Is Innovation Important?
The greatest innovations are often the ones we take for granted, like light bulbs and penicillin. But in a fast-paced world where mind-blowing ideas very quickly become the ‘norm’, how can companies, maintain a spirit of innovation year after year? In this article, we explore why innovation is important and how we can stay ahead by focusing on doing the right things the right way.
So What is Innovation?
Innovation – what does it mean? Ask ten people for a definition, and you will receive ten different responses! Every leader will say it is important, but nobody seems to agree on what it actually is or what it means.
Very simply put, innovation is about staying relevant. We are working in a time of unparalleled change. As a result, companies need to adapt and evolve quickly to meet the ever-changing needs of their customers. But innovation is not just about coming up with a new product or service. Innovation is about doing things differently to improve, invent or add value.

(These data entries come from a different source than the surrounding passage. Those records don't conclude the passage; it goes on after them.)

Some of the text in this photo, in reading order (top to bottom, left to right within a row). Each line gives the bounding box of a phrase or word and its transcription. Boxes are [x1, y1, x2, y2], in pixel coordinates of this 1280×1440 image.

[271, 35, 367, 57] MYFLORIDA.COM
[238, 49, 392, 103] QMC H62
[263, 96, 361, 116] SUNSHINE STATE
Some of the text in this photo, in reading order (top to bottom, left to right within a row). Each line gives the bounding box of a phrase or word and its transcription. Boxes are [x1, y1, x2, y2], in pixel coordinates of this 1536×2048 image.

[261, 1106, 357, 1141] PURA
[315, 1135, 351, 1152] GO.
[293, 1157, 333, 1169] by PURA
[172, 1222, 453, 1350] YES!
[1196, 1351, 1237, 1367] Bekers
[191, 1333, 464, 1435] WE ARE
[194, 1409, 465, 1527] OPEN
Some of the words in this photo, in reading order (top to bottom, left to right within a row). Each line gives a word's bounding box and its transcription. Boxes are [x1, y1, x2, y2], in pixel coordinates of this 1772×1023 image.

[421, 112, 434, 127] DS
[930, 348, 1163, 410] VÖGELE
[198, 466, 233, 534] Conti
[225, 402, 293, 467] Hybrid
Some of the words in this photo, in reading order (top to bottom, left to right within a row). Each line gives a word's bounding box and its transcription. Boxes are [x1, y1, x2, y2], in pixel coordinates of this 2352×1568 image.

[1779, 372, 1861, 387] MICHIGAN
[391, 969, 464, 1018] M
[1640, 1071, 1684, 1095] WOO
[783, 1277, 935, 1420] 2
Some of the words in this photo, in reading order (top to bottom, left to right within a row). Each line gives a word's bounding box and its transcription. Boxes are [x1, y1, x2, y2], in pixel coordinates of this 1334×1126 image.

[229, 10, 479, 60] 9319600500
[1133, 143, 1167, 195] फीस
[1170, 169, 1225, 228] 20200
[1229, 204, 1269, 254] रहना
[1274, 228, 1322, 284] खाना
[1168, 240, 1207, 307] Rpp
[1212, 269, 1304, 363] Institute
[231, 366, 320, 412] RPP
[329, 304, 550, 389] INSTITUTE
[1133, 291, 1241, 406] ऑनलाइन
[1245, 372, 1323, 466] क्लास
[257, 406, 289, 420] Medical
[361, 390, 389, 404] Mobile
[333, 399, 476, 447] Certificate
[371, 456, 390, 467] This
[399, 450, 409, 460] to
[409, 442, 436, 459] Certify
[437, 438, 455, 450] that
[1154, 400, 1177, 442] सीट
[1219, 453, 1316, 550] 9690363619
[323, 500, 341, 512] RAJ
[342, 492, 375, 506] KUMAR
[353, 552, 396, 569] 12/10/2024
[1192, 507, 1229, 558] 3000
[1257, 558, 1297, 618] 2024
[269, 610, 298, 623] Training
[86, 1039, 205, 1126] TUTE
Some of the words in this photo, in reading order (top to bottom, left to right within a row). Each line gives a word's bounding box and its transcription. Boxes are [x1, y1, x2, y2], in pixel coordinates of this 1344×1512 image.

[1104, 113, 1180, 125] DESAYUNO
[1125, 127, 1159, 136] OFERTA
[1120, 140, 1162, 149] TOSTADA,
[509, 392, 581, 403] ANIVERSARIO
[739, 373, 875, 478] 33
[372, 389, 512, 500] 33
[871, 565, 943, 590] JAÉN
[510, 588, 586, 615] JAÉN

Innovation should be a deep consideration of all the elements of your business model, including:
- What customers should we serve and to what level?
- Can we open up new markets or plug into untapped segments?
- What additional benefits will we provide?
- What products and services will we offer?
- How can we differentiate ourselves?
- How will we deliver our service? How can we improve our systems and processes to make the customer experience consistently positive?
- How will we make more money? Are there unconventional ways to generate revenues and profits?
- Can we bring this innovation to market significantly better than our competitors – and how can we keep that advantage long enough to make this opportunity pay off?
“Creative thinking is not a talent, it is a skill that can be learnt. It empowers people by adding strength to their natural abilities which improves teamwork, productivity and where appropriate profits.” – Edward de Bono
Innovation is not the responsibility of specific people. Every single person in the organisation has the opportunity and the ability to come up with new ideas. Nurturing a culture that allows for innovation is the key. The challenge for leaders is to find the right mix of doing the same things over and over again versus doing things in new ways. There should be a natural tension between efficiency and effectiveness.
It is important to remember that innovation cannot be totally de-risked. When we think in new ways and try new things – there is always some risk of failure. So take chances early, often and in low-risk situations. We learn by doing, by failing and learning from failure.
Efficiency vs Effectiveness
Many leaders feel comfortable when they are busy and active. They feel like they’re getting things done. In his book, [i]The Effective Executive, Peter Drucker draws a distinction between efficiency and effectiveness. He says: “Efficiency is doing things right; effectiveness is doing the right things.”
As leaders, we can’t assume just because we do things well that we ought to be doing those things. Being effective requires knowing where to focus our effort and consequently automating, outsourcing, and downgrading everything else.
“Efficiency is doing things right; effectiveness is doing the right things.”
“There is surely nothing quite so useless as doing with great efficiency what should not be done at all.”
“The most serious mistakes are not being made as a result of wrong answers. The true dangerous thing is asking the wrong question.”
Major Obstacles to Innovation – symptoms and root causes
“There’s a way to do it better—find it.”
There are many reasons given for the lack of organisational innovation. Common obstacles include:
- Short-term focus
- Lack of time, resources or staff
- Leadership expects payoff/results sooner than is realistic
- Incentives are not structured to reward innovation
- Lack of systematic innovation process
- The belief that innovation is inherently risky
To improve innovation consider the following:
- Record examples of innovation success in the organisation?
- What innovation obstacles do you currently face in your organisation? How could these be removed?
- When do your employees/teams have and share good ideas – how could this improve?